There is a lot of obvious precedent and existing legislation in this area: 
https://en.wikipedia.org/wiki/Law_of_war 

Weapon
[wep-uh n]
noun
1.
any instrument or device for use in attack or defense in combat, fighting, or 
war, as a sword, rifle, or cannon.
2.
anything used against an opponent, adversary, or victim


I don’t see why we should want to agree to make a distinction between 
cyberspace and meatspace, given that one controls the other.

The result is the same if you fell a telco/supermarket/<insert your preferred 
civilian target here> with a bomb (which, for argument's sake, immediately 
kills no-one) or with a crypto locker (which immediately kills no-one). The 
intention, target and goal are the same.
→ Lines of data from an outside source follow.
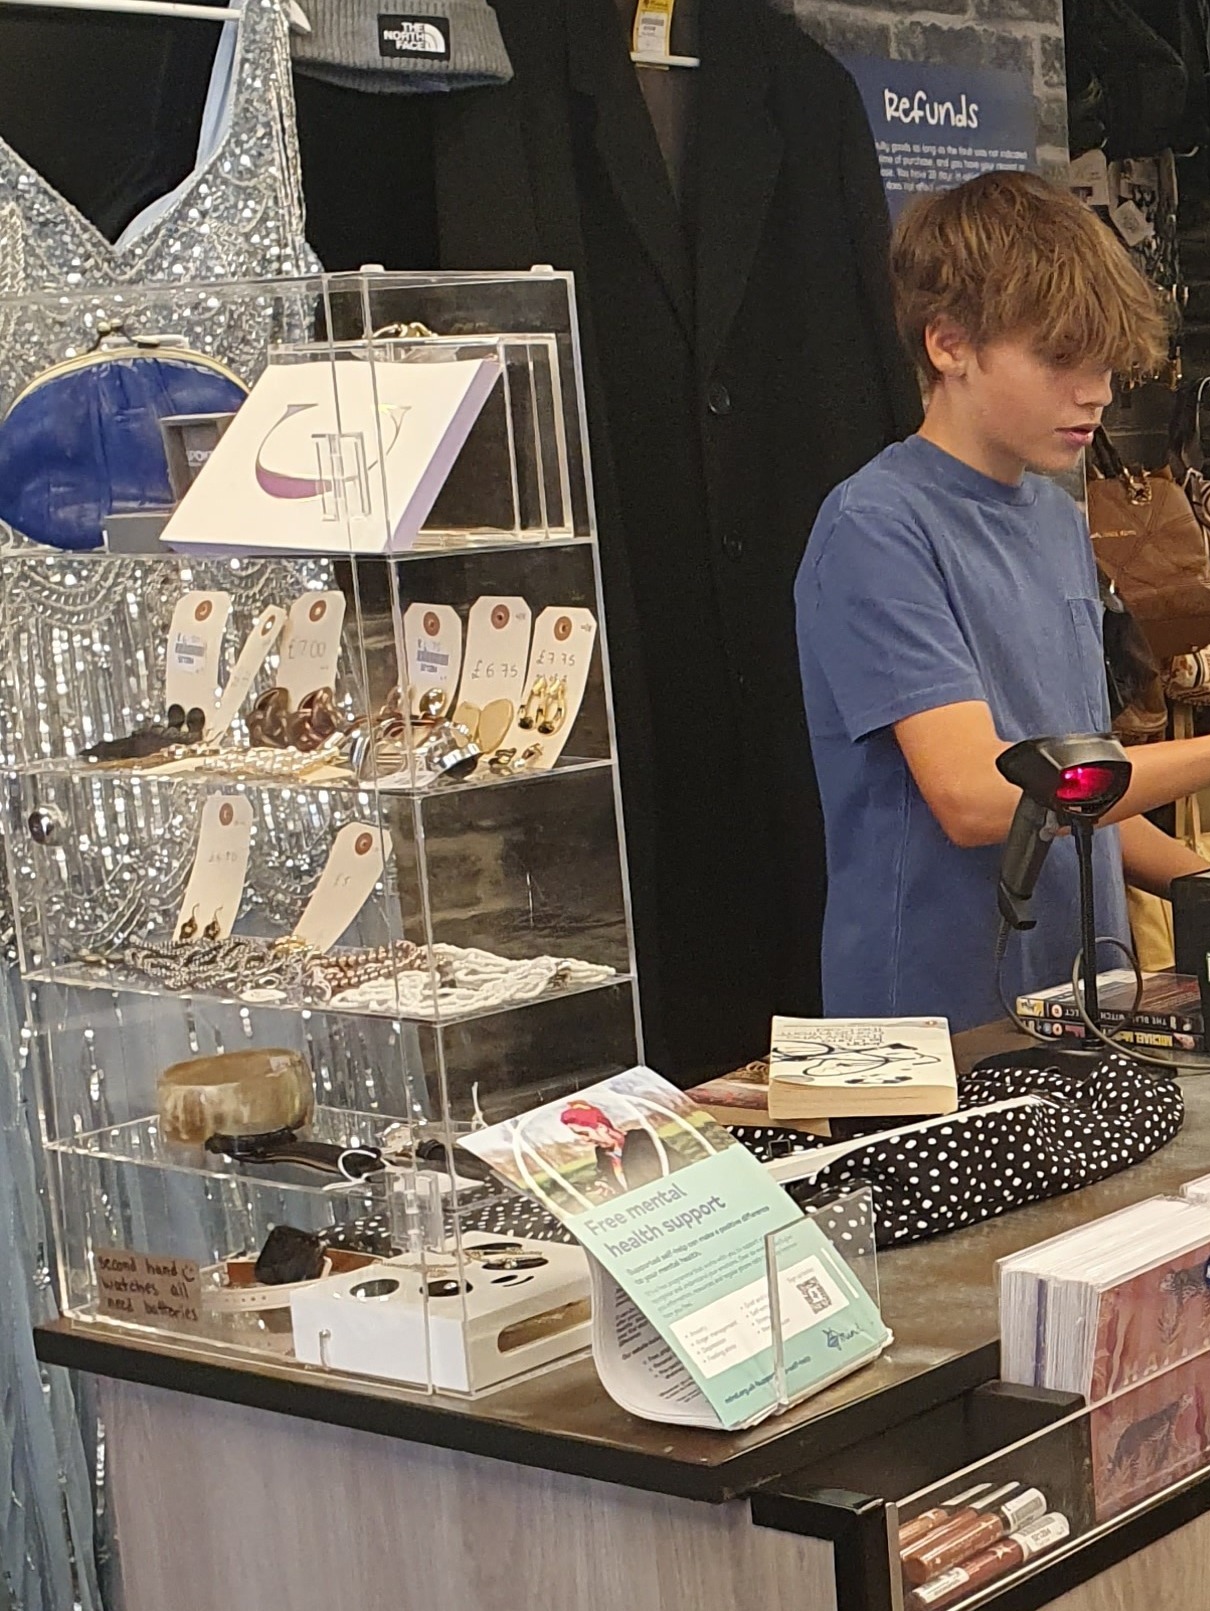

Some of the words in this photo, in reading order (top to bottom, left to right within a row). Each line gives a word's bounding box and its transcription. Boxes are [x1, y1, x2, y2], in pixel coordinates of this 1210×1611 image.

[401, 22, 424, 32] THE
[384, 30, 424, 42] NORTH
[396, 40, 425, 52] FACE
[884, 88, 978, 128] Refunds
[1100, 1012, 1126, 1022] WITCH
[1152, 1016, 1167, 1026] THE
[1134, 1032, 1174, 1047] MICHAEL
[584, 1212, 628, 1236] Free
[626, 1182, 688, 1220] mental
[604, 1224, 664, 1258] health
[662, 1195, 726, 1234] support
[98, 1255, 136, 1272] second
[144, 1258, 178, 1276] hand
[100, 1277, 160, 1296] watches
[170, 1282, 189, 1300] all
A weapon is a weapon and both the bomb 
and crypto locker manifest themselves in the physical world.

I do understand why Governments will us to folly in such discussions, however.

Matt

-----Original Message-----
From: uknof [mailto:[email protected]] On Behalf Of Kurt Erik 
Lindqvist
Sent: 16 November 2017 08:05
To: Bill Woodcock <[email protected]>
Cc: [email protected]; Nick Hilliard <[email protected]>
Subject: Re: [uknof] GCSC critical infrastructure protection questions: your 
input needed.



> On 15 Nov 2017, at 12:22, Bill Woodcock <[email protected]> wrote:
> 
> Uh, none of that is relevant to the discussion.  Call it pretty 
> infrastructure or tasty infrastructure or whatever pleases you.
> 
> The question is what types of private-sector infrastructure you most strongly 
> feel should not be subject to governmental cyber attacks.
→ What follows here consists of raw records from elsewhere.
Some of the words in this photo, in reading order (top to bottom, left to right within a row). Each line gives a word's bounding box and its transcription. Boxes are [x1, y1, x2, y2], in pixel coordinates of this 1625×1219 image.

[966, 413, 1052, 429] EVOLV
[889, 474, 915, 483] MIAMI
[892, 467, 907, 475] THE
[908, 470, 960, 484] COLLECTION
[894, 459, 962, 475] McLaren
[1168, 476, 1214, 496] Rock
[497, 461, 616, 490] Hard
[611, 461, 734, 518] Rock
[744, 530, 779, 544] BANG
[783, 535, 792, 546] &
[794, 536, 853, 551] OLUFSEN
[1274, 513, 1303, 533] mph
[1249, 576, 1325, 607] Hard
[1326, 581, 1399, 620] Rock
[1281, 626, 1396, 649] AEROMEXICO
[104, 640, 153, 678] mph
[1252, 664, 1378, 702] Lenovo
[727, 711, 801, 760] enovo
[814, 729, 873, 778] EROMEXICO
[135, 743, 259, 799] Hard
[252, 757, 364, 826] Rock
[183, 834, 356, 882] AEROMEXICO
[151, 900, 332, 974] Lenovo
I think you are missing Nick’s point. There are already EU and national 
legislation that identifies these. Getting to the current set of infrastructure 
and definitions have taken a long and painstaking involvement by all parties. 
Having an international study or document risks all this work. Rather than an 
on-line poll that risks being seen as some sort of authoritative input I would 
suggest the existing work is instead referenced and taken into account. The 
work that has and is being done around the NIS directive and article 13a 
definitions on critical infrastructure is a good starting point. This work is 
not EU specific even though a lot of it was done in an EU context.